Aim of the task >> Copy out precisely the line that holds "Some of the words" and all the lines following it in the data, up to and including the last one, and no others.
%%
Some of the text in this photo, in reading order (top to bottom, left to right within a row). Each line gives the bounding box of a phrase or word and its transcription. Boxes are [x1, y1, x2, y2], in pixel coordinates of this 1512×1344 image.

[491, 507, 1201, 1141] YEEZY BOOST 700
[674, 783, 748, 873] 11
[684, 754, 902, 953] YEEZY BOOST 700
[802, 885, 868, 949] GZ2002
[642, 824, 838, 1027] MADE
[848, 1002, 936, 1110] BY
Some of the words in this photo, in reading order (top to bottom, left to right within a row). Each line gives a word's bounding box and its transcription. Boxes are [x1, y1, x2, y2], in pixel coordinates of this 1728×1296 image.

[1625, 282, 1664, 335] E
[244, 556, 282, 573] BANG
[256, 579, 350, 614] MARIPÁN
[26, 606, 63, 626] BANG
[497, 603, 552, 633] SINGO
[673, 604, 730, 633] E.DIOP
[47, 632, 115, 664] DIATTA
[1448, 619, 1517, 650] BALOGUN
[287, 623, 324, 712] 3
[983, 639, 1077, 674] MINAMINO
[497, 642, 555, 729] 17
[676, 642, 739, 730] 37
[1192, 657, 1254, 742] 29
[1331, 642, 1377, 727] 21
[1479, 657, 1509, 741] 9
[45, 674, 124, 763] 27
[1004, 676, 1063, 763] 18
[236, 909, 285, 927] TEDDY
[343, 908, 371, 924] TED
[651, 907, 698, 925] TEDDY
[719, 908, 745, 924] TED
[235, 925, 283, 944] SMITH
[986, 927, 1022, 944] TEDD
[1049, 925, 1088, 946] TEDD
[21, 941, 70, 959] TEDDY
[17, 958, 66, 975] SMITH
%%
Exercise solution >>
Some of the words in this photo, in reading order (top to bottom, left to right within a row). Each line gives a word's bounding box and its transcription. Boxes are [x1, y1, x2, y2], in pixel coordinates of this 1728×1296 image.

[1625, 282, 1664, 335] E
[244, 556, 282, 573] BANG
[256, 579, 350, 614] MARIPÁN
[26, 606, 63, 626] BANG
[497, 603, 552, 633] SINGO
[673, 604, 730, 633] E.DIOP
[47, 632, 115, 664] DIATTA
[1448, 619, 1517, 650] BALOGUN
[287, 623, 324, 712] 3
[983, 639, 1077, 674] MINAMINO
[497, 642, 555, 729] 17
[676, 642, 739, 730] 37
[1192, 657, 1254, 742] 29
[1331, 642, 1377, 727] 21
[1479, 657, 1509, 741] 9
[45, 674, 124, 763] 27
[1004, 676, 1063, 763] 18
[236, 909, 285, 927] TEDDY
[343, 908, 371, 924] TED
[651, 907, 698, 925] TEDDY
[719, 908, 745, 924] TED
[235, 925, 283, 944] SMITH
[986, 927, 1022, 944] TEDD
[1049, 925, 1088, 946] TEDD
[21, 941, 70, 959] TEDDY
[17, 958, 66, 975] SMITH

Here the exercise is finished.